Our 12-month — our record 12-month backlog position reflects healthy first quarter sales momentum, as highlighted on slide 8. We deepened our relationships with key North American customers such as AT&T and T-Mobile and strengthened our international footprint by expanding existing activities at large operators such as Vodafone Germany, A1 Telekom Austria, Magyar Telekom in Hungary and Etisalat by e& in the UAE. Additionally, we added new logos like Finetworks in Spain and DELTA Fiber in Netherlands and achieved another quarter of strong sales momentum in cloud with migration awards at operators in Canada, Southeast Asia and a new project with NTT Infranet in Japan. Q1 was also notable for Amdocs’ consistent project execution. We successfully completed major implementations at several large-scale customers around the world, thereby creating the foundation for future business expansion.
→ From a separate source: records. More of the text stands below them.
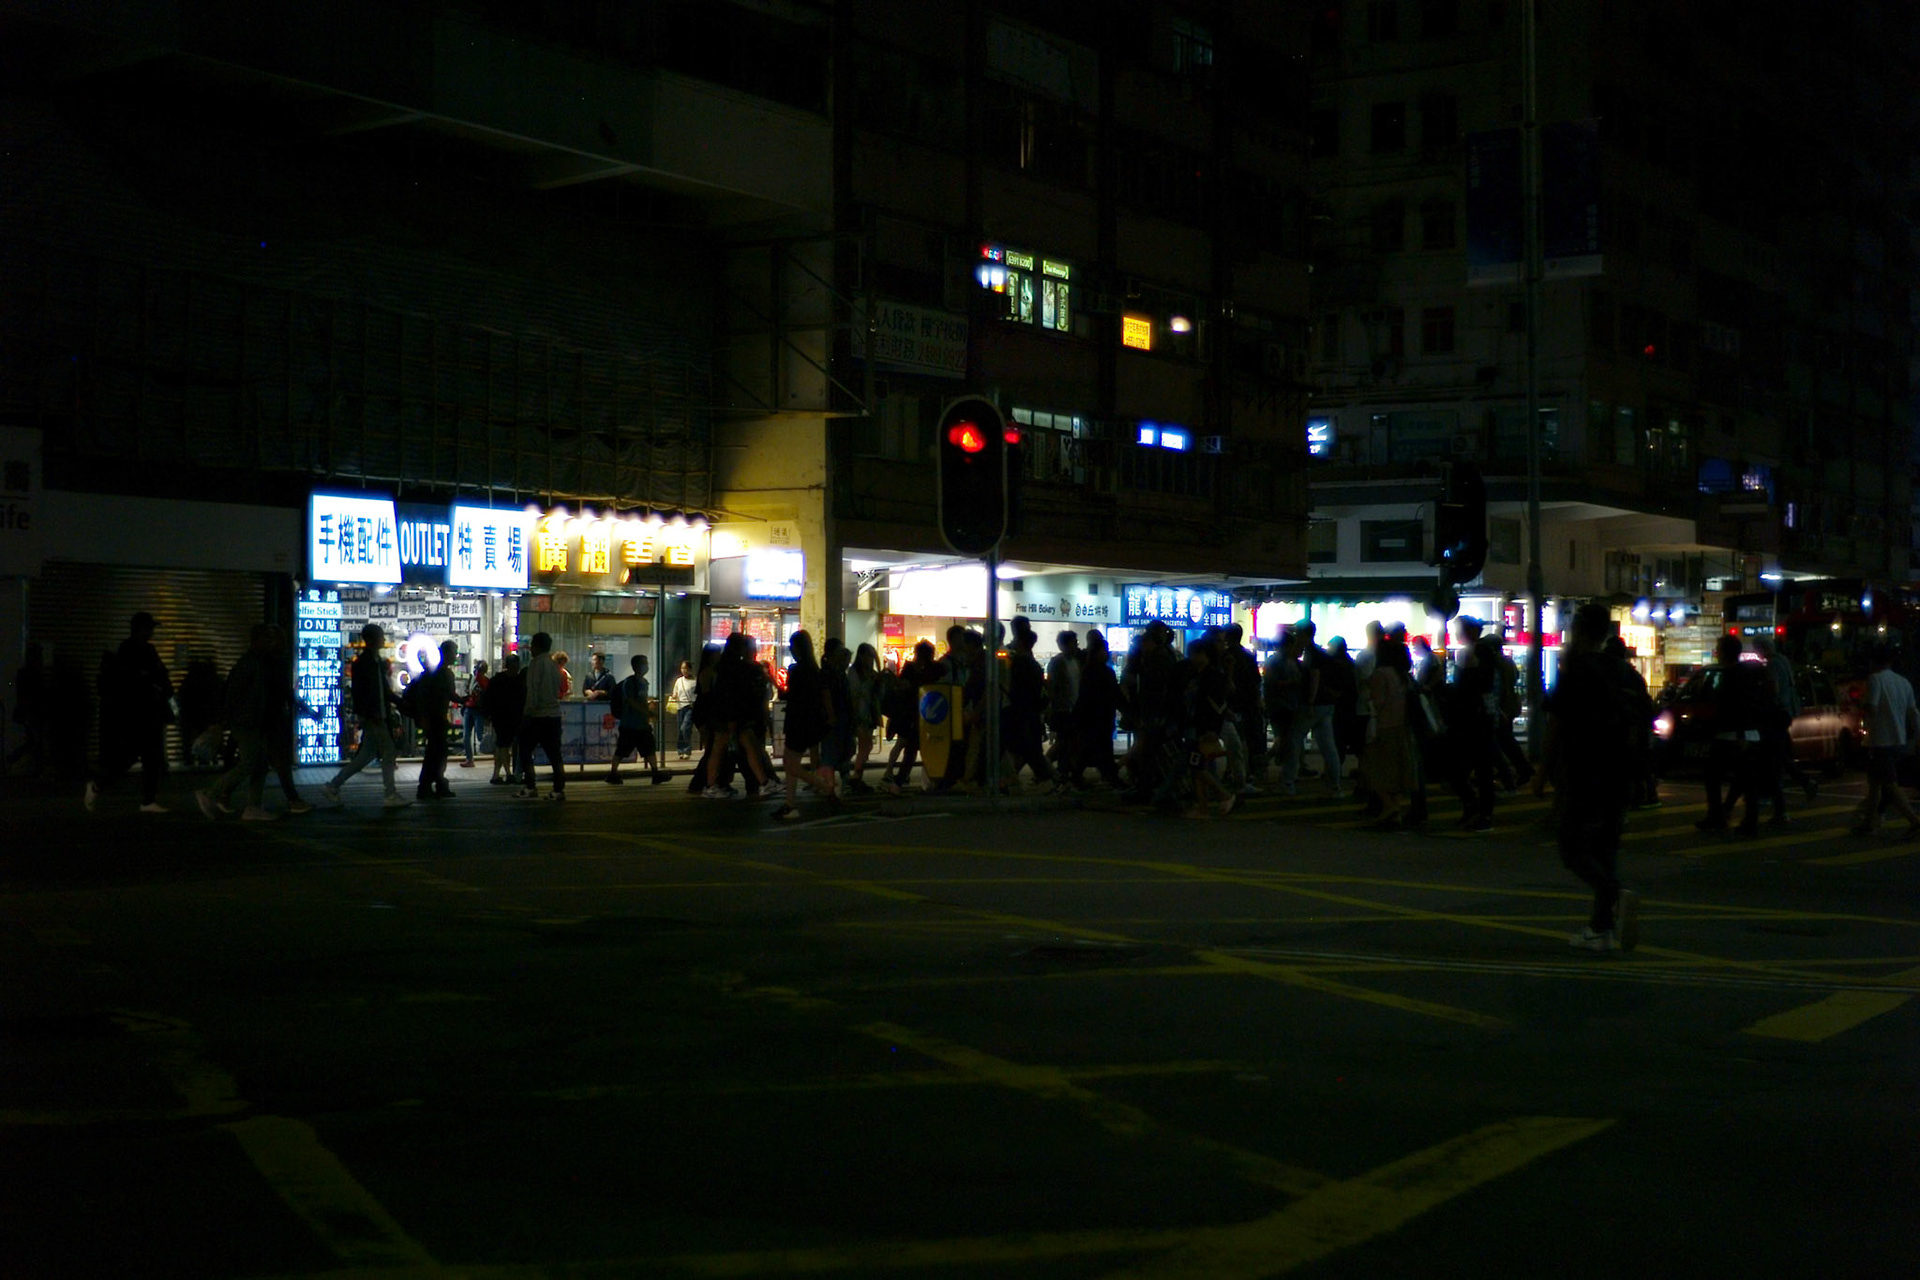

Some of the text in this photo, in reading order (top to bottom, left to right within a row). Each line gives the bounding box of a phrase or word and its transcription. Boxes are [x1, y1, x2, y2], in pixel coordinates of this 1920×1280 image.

[318, 513, 523, 574] 手機配件 OUTLET 特賣場
[299, 589, 338, 602] 電線
[317, 606, 338, 616] Stick
[1028, 603, 1037, 613] Hill
[1038, 603, 1056, 616] Bakery
[322, 635, 339, 645] Glass
Amdocs was instrumental in supporting the merger integration of T-Mobile and continues to support T-Mobile’s modernization journey to offer an unparalleled consumer and B2B customer experience in the industry. Elsewhere, Amdocs enabled the seamless migration of 14 million customers to a new omnichannel platform at Three UK and the conversion of around 138 million subscribers to our latest cloud-based charging technology for a leading operator in Southeast Asia. At Claro Puerto Rico, Amdocs’ full digital transformation for prepaid offerings was completed, covering 100% of stores. Amdocs also extended its software and maintenance agreement with Claro Brazil until 2026, supporting over 40 million subscribers. For Telcel Mexico, we upgraded and migrated an existing Amdocs campaign management solution to AWS, migrating an on-premise architecture with a secure cloud-based solution.
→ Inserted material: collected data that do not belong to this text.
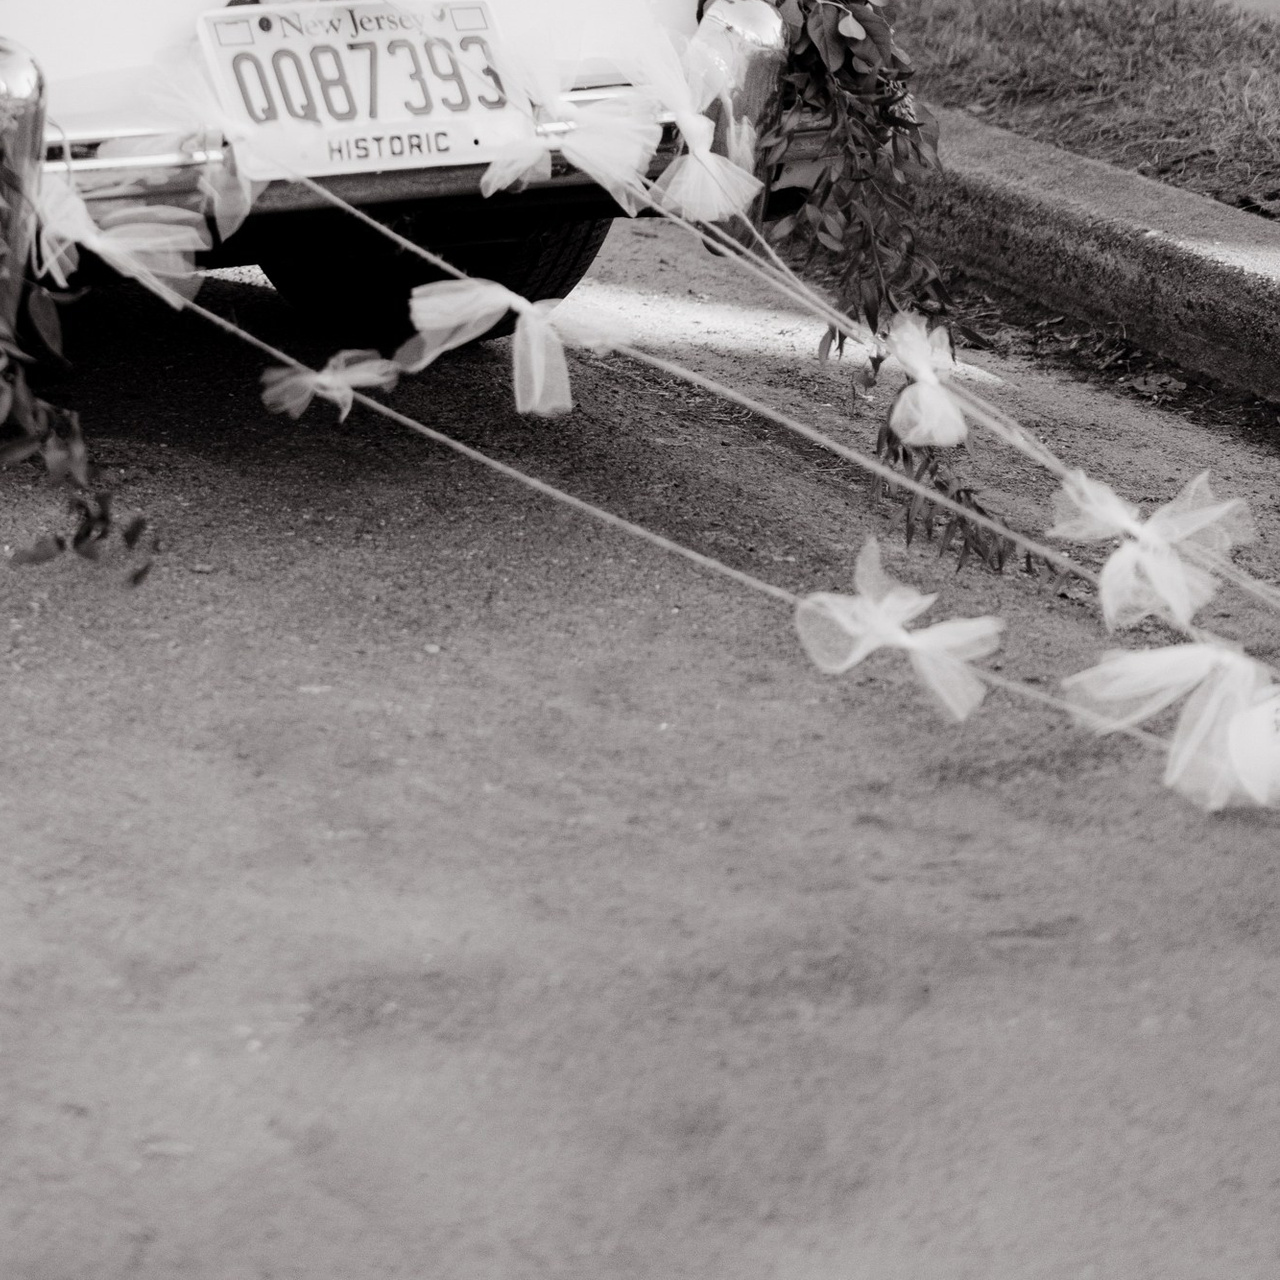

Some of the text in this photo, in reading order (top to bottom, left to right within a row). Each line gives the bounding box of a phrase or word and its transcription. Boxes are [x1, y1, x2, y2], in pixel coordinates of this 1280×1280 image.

[277, 8, 426, 38] New Jersey
[328, 131, 451, 162] HISTORIC
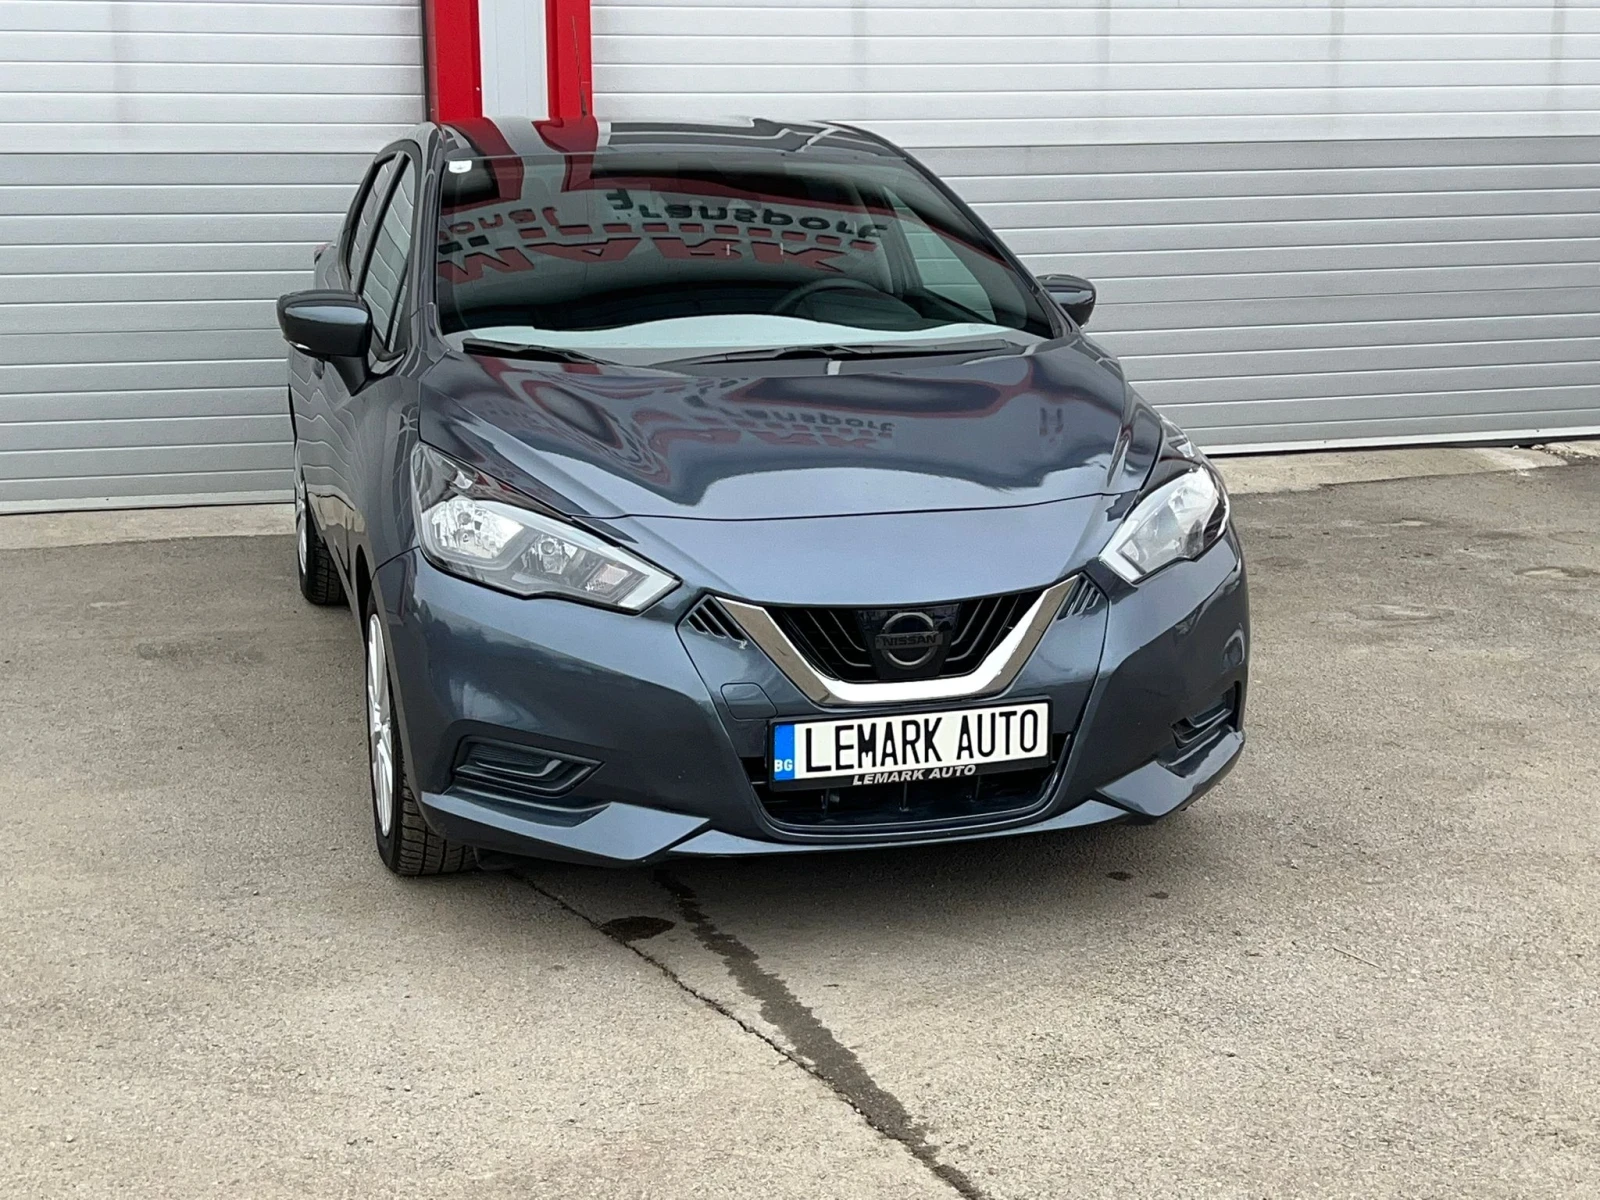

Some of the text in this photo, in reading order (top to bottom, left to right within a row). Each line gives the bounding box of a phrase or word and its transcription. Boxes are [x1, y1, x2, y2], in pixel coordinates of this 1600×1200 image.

[883, 634, 936, 647] NISSAN
[805, 709, 1039, 773] LEMARK AUTO
[774, 759, 793, 773] BG
[852, 764, 976, 786] LEMARK AUTO
From an operations perspective, we provided flawless global support to our customers under managed services engagements during the peak retail sales period of Black Friday and the holiday season. To remind you, our managed services business forms the bedrock of Amdocs’ highly recurring revenue streams, in support of which we signed expanded long-term agreements with customers such as Charter in the U.S., and Claro in Chile and Puerto Rico in Q1. Rounding out our operational highlights, Amdocs continued to bring cutting-edge technology and fresh innovation to market this quarter, reflecting our long-term commitment to deliver customer value through R&D and strategic M&A. Later this month, we will introduce the newest version of Amdocs Customer Experience Suite and service offering at Mobile World Congress, including our latest generative AI offering innovation, we expect to demonstrate our technology leadership across all domains, from customer experience to the network.
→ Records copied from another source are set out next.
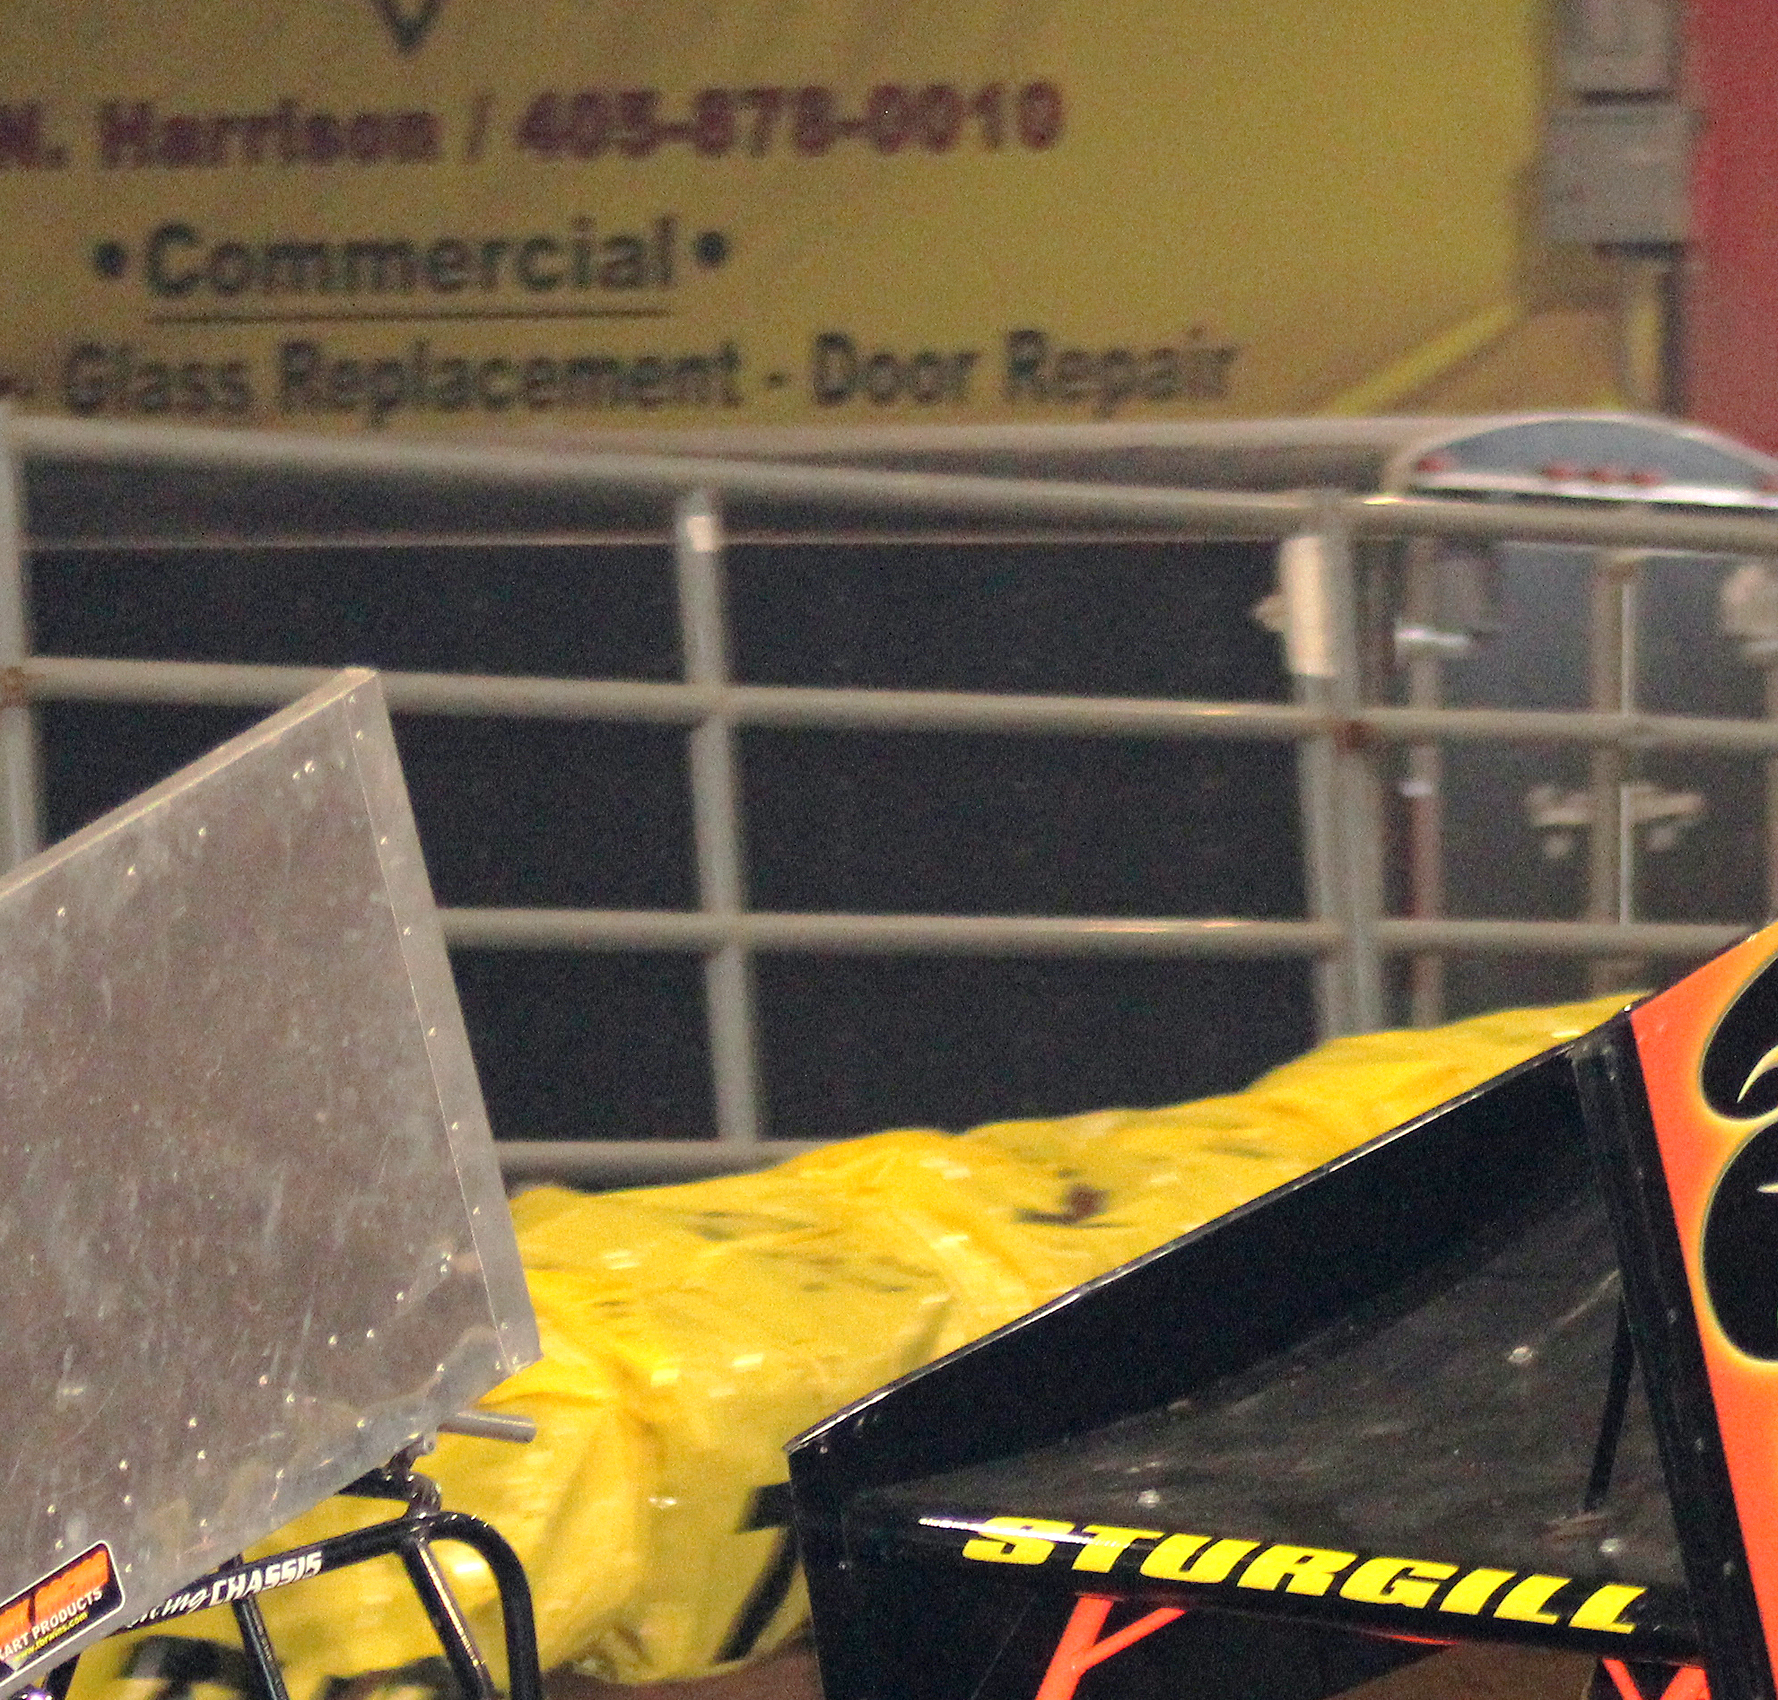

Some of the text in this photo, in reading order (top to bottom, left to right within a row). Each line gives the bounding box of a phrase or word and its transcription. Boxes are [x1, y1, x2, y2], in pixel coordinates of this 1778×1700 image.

[62, 340, 252, 416] Glass
[278, 338, 744, 428] Replacement
[812, 330, 982, 406] Door
[1004, 325, 1240, 420] Repair
[31, 1584, 105, 1640] PRODUCTS
[207, 1549, 324, 1609] CHASSIS
[960, 1515, 1650, 1636] STURGILL
Now, let me update you on our growth strategy, which is focused on delivering the market-leading innovation our customers need to, simplify and accelerate the industry’s adoption of generative AI, accelerate the journey to the cloud, create seamless digital experiences by transforming customer journeys for consumer and B2B, unlock the future market potential of true 5G standalone networks with next-gen solutions, and deliver dynamic connected experiences with real-time, automated networks. Beginning on slide nine, generative AI remains a strategic priority for Amdocs. As generative AI gradually moves to the carrier-grade implementation stage, service providers are looking to companies like Amdocs to do the on the ground work to deploy the technology and deliver the business benefits.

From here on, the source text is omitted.